1. Assessing Bitcoin Miners Ahead of 2024 Halving

Bitcoin is heading toward another halving in April 2024, an event that will bring with it significance for miners of the largest cryptocurrency. That means exchange traded funds, such as the Invesco Alerian Galaxy Crypto Economy ETF (SATO), are pertinent in the halving conversation as well. For its part, SATO is heavily allocated to bitcoin miners.

That makes the fund one of the most relevant assets regarding halving. In simple terms, bitcoin halving makes it more difficult to mine the digital currency, thus reducing rewards to miners.

In a recent note to clients, JPMorgan forecast that the Bitcoin Network Hash Rate will decline by 20% following the April 2024 halving. Investors that are new to cryptocurrency and mining equities are apt to interpret that as gloomy news. But halving also serves the aim of prompting miners, including SATO member firms, to take older software offline, thus making those companies more efficient.

‘Crucible Moment’ for Bitcoin Miners

JPMorgan told clients the bitcoin mining industry is at a “crucible moment.” This is because management teams at these companies consider the positive implications of a spot bitcoin ETF potentially coming to market while balancing the upcoming lower Bitcoin Network Hash Rate. Among the names the bank is bullish on is SATO component Cleanspark Inc. (NASDAQ: CLSK), which it rates “overweight.”

“Not all miners created equal. Miners vary by scale, operating efficiency, access to capital and growth prospects. We believe CLSK, our top pick, offers the best balance of scale, growth potential, power costs, and relative value,” according to JPMorgan.

Shares of Cleanspark account for nearly 4% of SATO’s lineup. The bank also upgraded SATO holding Iris Energy Ltd. (NASDAQ: IREN) to “overweight” from “neutral.”

Cleanspark and Iris Energy could be upside drivers for SATO because crypto mining industry observers are increasingly scrutinizing margins and power costs in the group. On those metrics, those two SATO holdings score well. That implies there’s an element of value with those names. That is a desirable trait at a time when value is hard to come by in this space.

“In this context, the report explains that the market cap of the 14 largest U.S. listed Bitcoin mining companies is 36% larger than what JPMorgan’s research team expects the whole industry can generate in revenues for the next four-year cycle, which is $20 billion,” reported Vinicius Barbosa for Finbold.

2. Bitcoin Miner Using Paraguay Itaipu Dam to Power Its New Facility

Bitcoin mining company Sazmining has opened its newest 100% renewable energy facility in Paraguay.

The company operates customer-owned Bitcoin mining rigs on their behalf, taking a 15% commission for the service. Its new facility will get power from Itaipu Dam, the country’s largest hydroelectric dam. Located on the border of Paraguay and Brazil, the structure has earned itself the Guiness World Record for most expensive object on earth, costing a whopping $27 billion to build in 1984—or $35 billion if you adjust for inflation.

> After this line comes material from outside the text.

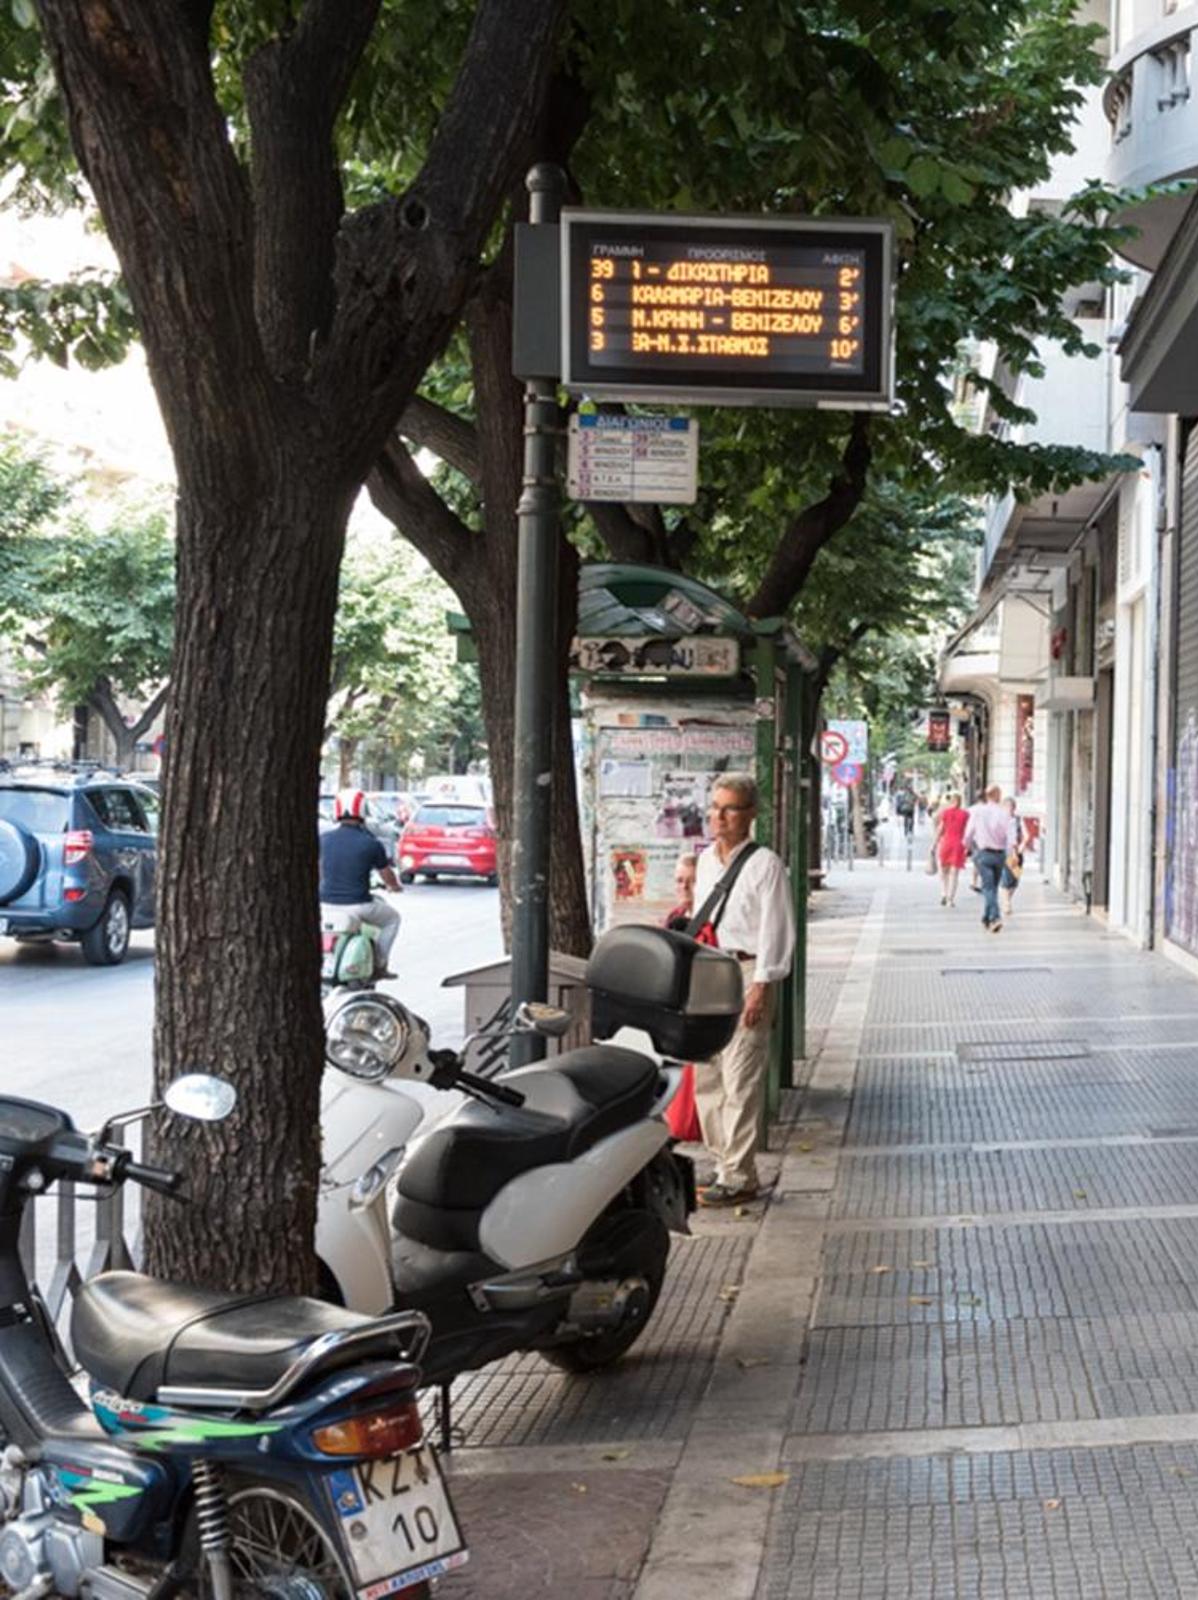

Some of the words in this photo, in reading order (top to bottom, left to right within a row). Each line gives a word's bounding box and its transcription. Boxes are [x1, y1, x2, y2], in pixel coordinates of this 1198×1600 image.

Sazmining President Kent Halliburton told Decrypt that due to Paraguay’s unique hydropower generating dynamics, it was selling 5 Gigawatts of power at a loss to its neighbor, Brazil. That’s why local authorities and communities embrace the company’s presence, he said.

Tapping into Itaipu Dam and buying their surplus power instead of Paraguay exporting at a loss, “turns a headwind for Paraguay’s GDP into a tailwind,” said Halliburton.

Bitcoin mining is an integral piece to the network, but has a somewhat controversial relationship to energy markets. Specialized computers known as ASICs tap into different power generating sources and run the Bitcoin software in order to secure the protocol, earning BTC in return.

The above means that the cost of energy is an important consideration for Bitcoin mining companies. As per Sazmining, mining costs in their new facility will be $0.047 per-kilowatt hour in the new facility–a substantial difference between the world’s leading Bitcoin mining country, the United States.

For the sake of comparison, the latest energy price report from the U.S. Bureau of Labor Statistics found that energy costs sit at $0.17 per-kilowatt hour—although that can vary widely depending on location and across industries.

Halliburton said Sazmining is able to get all of its power from the dam, meaning the new facility runs on 100% renewable energy.

Texas is often highlighted as one of Bitcoin’s strongest mining sectors, with sophisticated programs to help the grid in times of stress, but also make use of their excess power. For Halliburton, Paraguay is poised to become “the new Texas”—but he admits the grid there is still much less developed than the lone star state.

This offers an upside with a caveat, he told Decrypt. By agreeing to 95% power uptime instead of 100%, he said, the company was able to take advantage of lower rates. That said, Halliburton is confident the grid will continue to develop and import some of the programs currently present in Texas. For instance, miners in Texas are given energy credits in exchange for turning their rigs off during times of high demand.

Paraguay is a proverbial bit in the overall mining bucket, however. As of September 2021, the Cambridge Center for Alternative Finance (CCAF), placed Paraguay’s hash rate production at 0.15% of the entire Bitcoin mining network. The Center has updated its index earlier this year, but did not immediately respond to a request from Decrypt about its map data.

Sazmining’s President likes this number, however.

“I see it as an opportunity for those of us that understand the dynamics in Paraguay,” he said, adding that they are positioning themselves ahead of the “seemingly inevitable rush of Bitcoin miners.”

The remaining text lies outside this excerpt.